Last week I completed a project using React. This used an API to generate news stories that a user could view, upvote, comment on and like individual comments. In general the project was fun to build and I was quite pleased with the finished product.
React’s method for creating components made implementation nice and easy. I was able to make very small reuse-able components such as an upvote button. The approach takes a lot of preplanning, and an understanding of how individual parts will affect the architecture as a whole. I implemented material-ui so this approach made custom CSS easy as I only needed to alter the CSS in one area that was specific to the individual component.
Component lifecycle and flow of information
However, the biggest problem I encountered was the flow of data from one over-arching component and how I needed to pass relevant data from area to the next. This lead to confusion on where I needed to have a state and how I would change the state so that the app would render in an appropriate way. An example of this is;
- News container would pull information from an external API. The response was an array of articles, and would be stored in state within the container.
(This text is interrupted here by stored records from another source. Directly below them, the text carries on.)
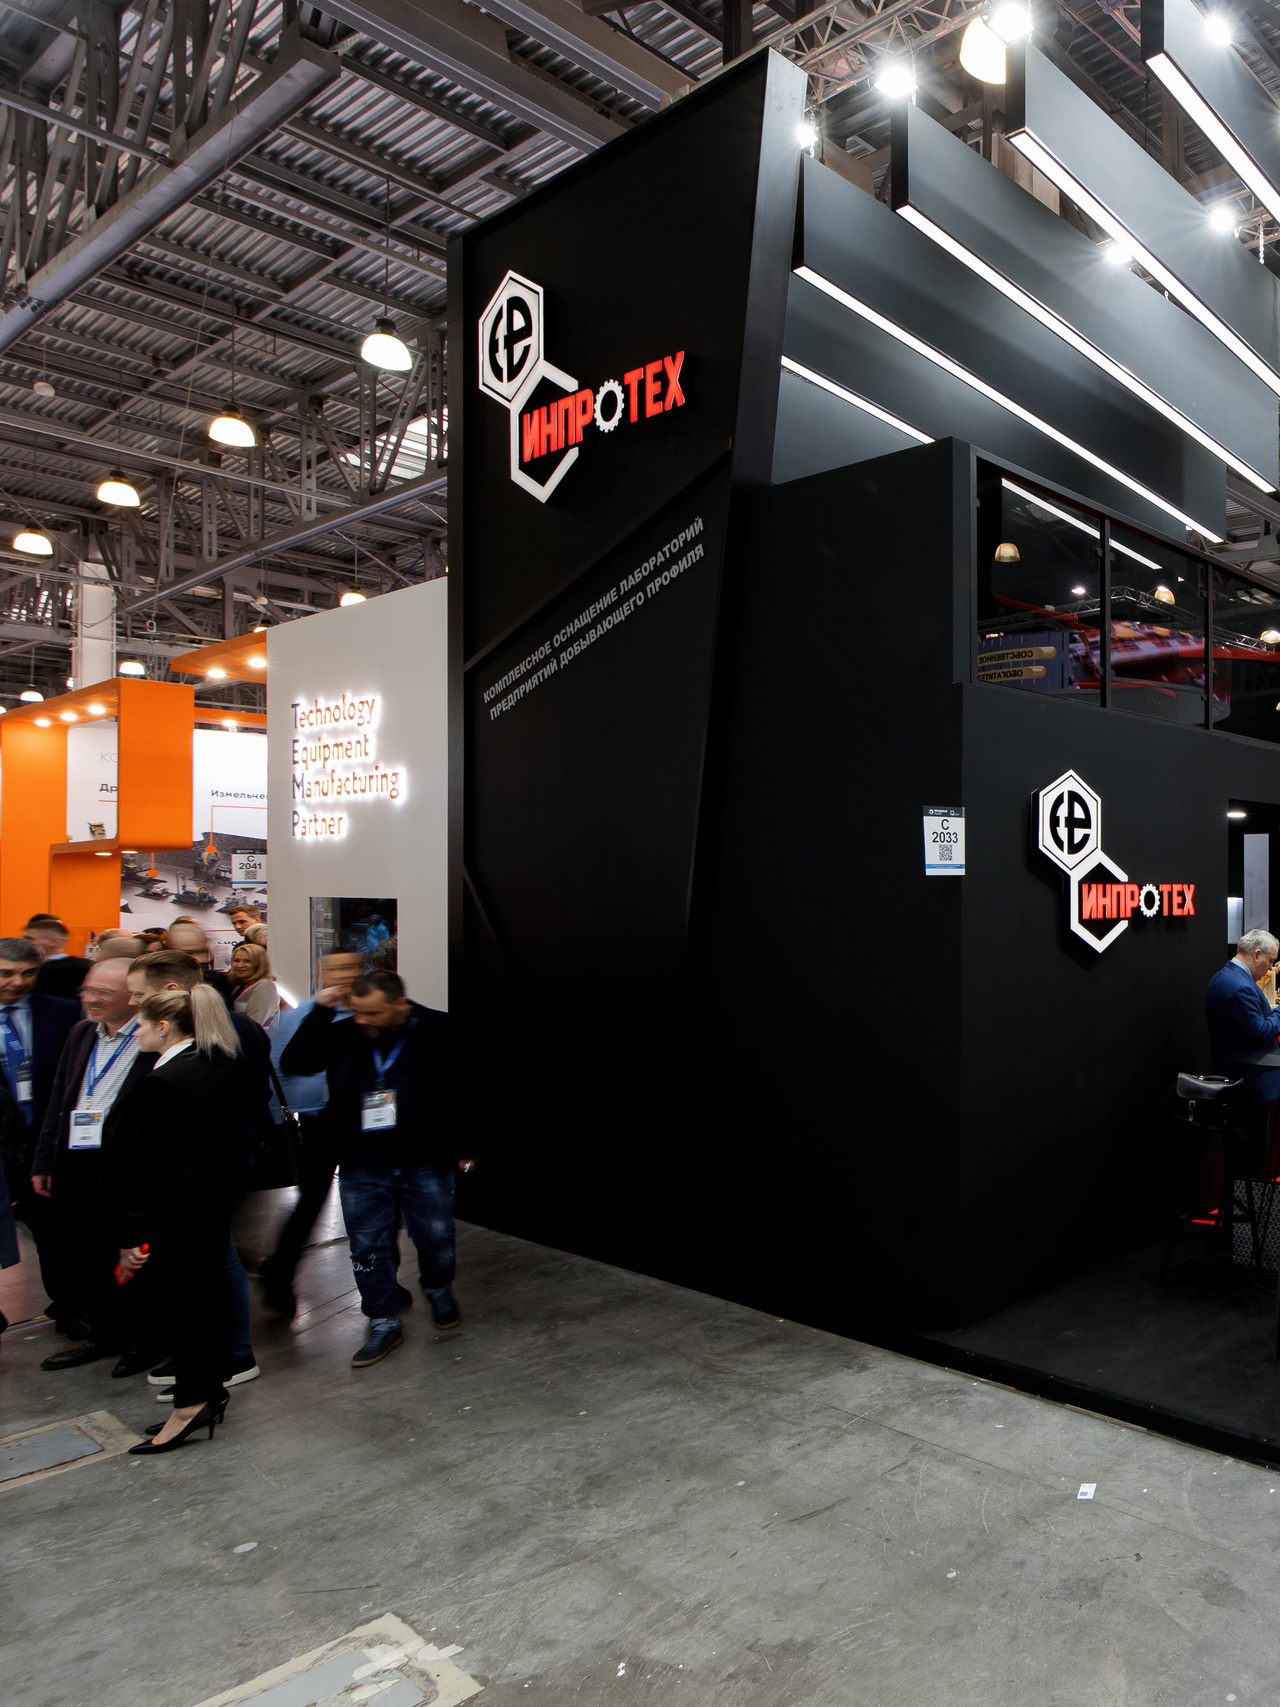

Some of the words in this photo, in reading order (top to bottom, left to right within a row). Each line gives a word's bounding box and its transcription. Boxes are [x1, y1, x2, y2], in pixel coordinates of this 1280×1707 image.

[522, 350, 685, 463] ИНПРОТЕХ
[483, 642, 552, 704] КОМПЛЕКСНОЕ
[553, 587, 618, 648] ОСНАЩЕНИЕ
[619, 516, 704, 595] ЛАБОРАТОРИЙ
[489, 656, 558, 721] ПРЕДПРИЯТИЙ
[559, 591, 645, 669] ДОБЫВАЮЩЕГО
[646, 543, 705, 598] ПРОФИЛЯ
[291, 694, 375, 729] Technology
[292, 734, 369, 770] Equipment
[211, 790, 267, 800] Измельче
[292, 765, 399, 799] Manufacturing
[292, 811, 343, 836] Partner
[932, 831, 958, 844] 2033
[1082, 883, 1195, 920] ИНПРОТЕХ
- Iterating through the articles array, a component would be generated per article. The article data was then passed down to the component.
- The article component then created two more components: CardHeader and Summary. The data passed down from the article would then be split between these two components as it was passed down.
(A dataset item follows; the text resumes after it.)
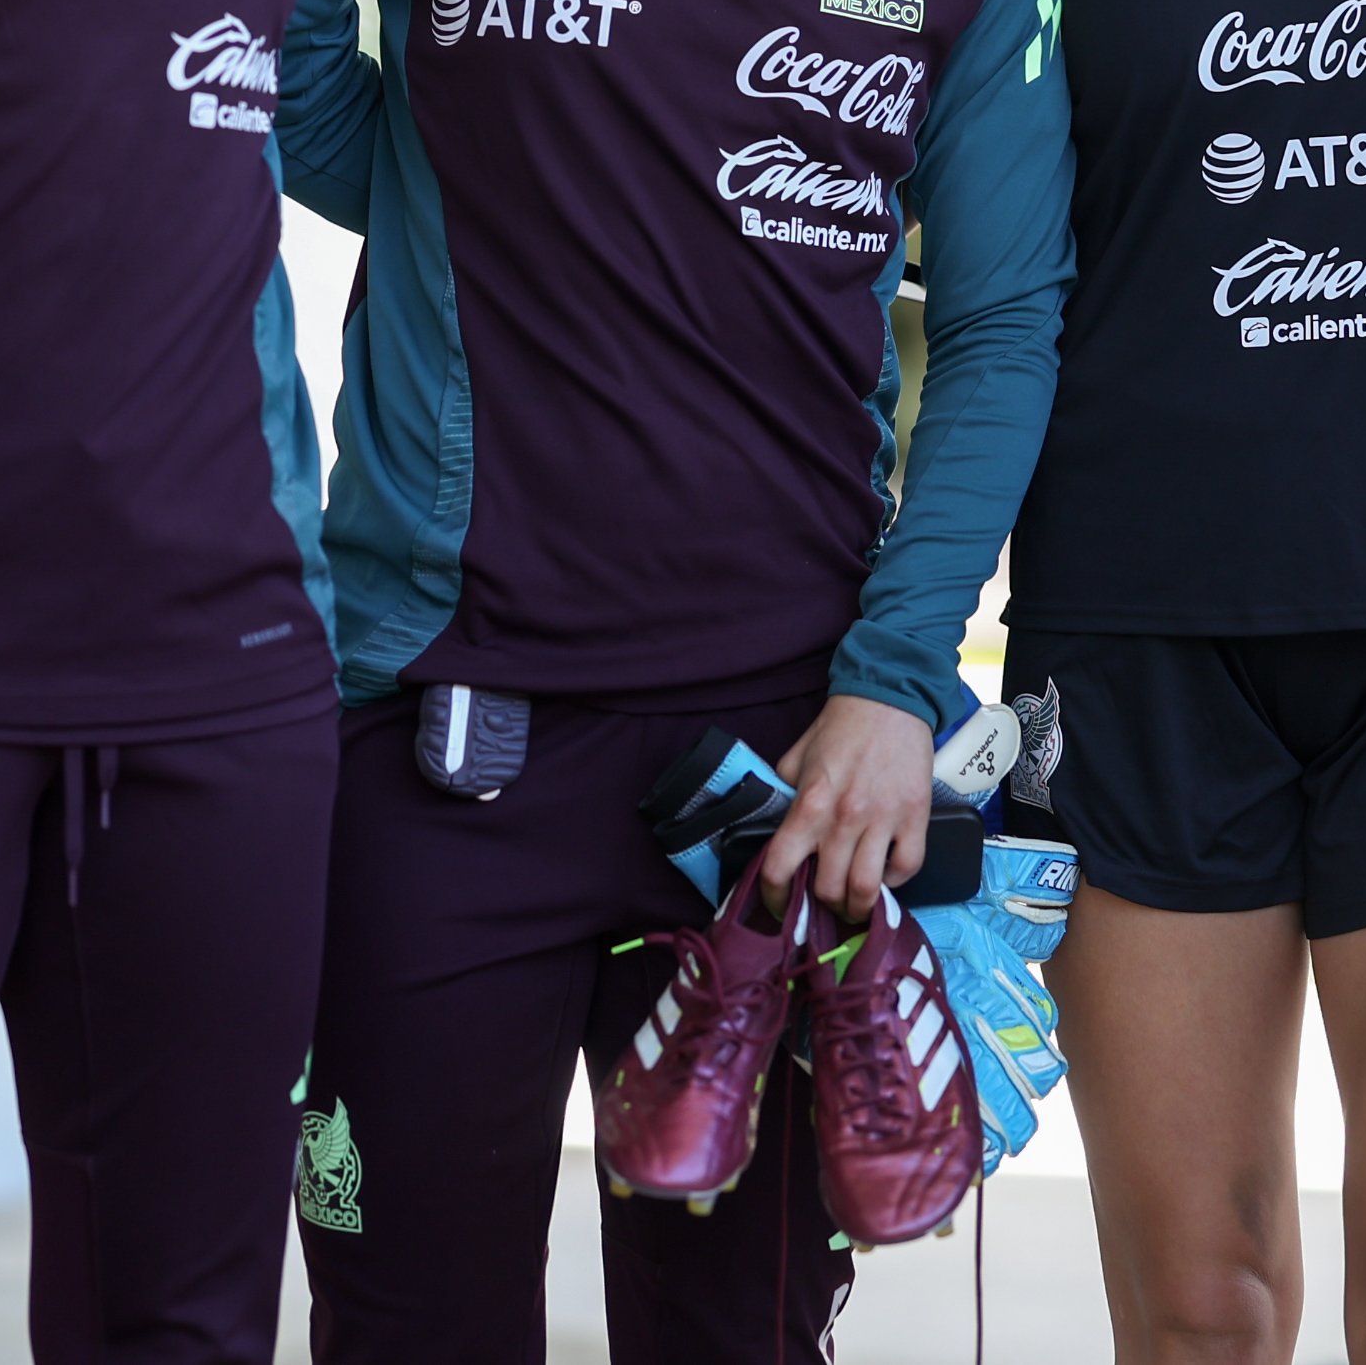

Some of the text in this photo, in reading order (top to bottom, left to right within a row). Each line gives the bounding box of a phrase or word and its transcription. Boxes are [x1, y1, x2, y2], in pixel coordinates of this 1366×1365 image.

[736, 25, 925, 136] Coca-Cola
[716, 134, 885, 218] Caliente
[762, 214, 889, 253] caliente.mx
[958, 728, 999, 776] FORMULA
This seems relatively simple, but the problem I encountered was when I needed state to change as the user interacted with the page. When a user clicked on the title of the article, I needed to use a callback to change the view of the page using another container. When I changed the state within the news component, even though I was changing the URL, the page would not display the content that I wanted. The problem was in React’s component lifecycle, and how routes worked when using react-router-dom. Even though I had changed the route and was enacting a re-render of the page. Only the page that the user was on would be re-rendered, the URL would change and look like it was doing what it was meant to but did not work as intended. This required me to:
- Use a callback to the App component(the overarching component) and update the state.
- Store the particular article that was clicked in localStorage to prevent the app from crashing if the user refreshed the page.
- Change the URL.
The change was only small, rather than updating the state in the most immediate component, I actually needed to update the state in the App component. What this did was rather than re-rendering the specific component, it re-rendered the App component as a whole, as the routes were set in this component, the re-render would mean that the appropriate component was displayed in the DOM rather than sticking on the current component.
As I further built out the project, passing data via props to specific components lead to a lot of confusion as to which components needed what, which components needed to cause changes, which components would handle those changes and where I was actually coding theses things. Naming conventions became quite important very quickly so that I could easily identify which components needed to do what. I had take a modular approach when designing the components, which made quite handy, reuse-able components. It also increased the length of the chain that I needed to pass the data along.
If only I could have global state…
Redux is a way for react apps to have a global state which components can use to get data and change that data in a more specific, targeted way. What this means in terms of the project I made was that rather than have a long chain of props being passed down again and again, so that I could cause a tiny change in one far away component, I could get the state that I needed in the component that required it, cutting out the need to pass them all the way down. It also means that instead of entire sections of the app re-rendering when state would change, only specific components would re-render based on the state that they required.
Whats also really useful is that you can still pass data down via props in the react conventional way. Whilst this may seem like it defeats the point of redux, smaller presentational components could remain as they are. They would not need to be aware of redux and not need to be connected to the store either. It means that reuse-able components could be written and could be implemented in redux apps and also non-redux apps. Making them uber reuse-able.
Go forward I would like to implement redux in this particular app as it was surprising how quickly things started to get out of control with a relatively simple state. I plan on extended the project further and would require more states in more components, so redux would be a great fit for scaling the app for the future.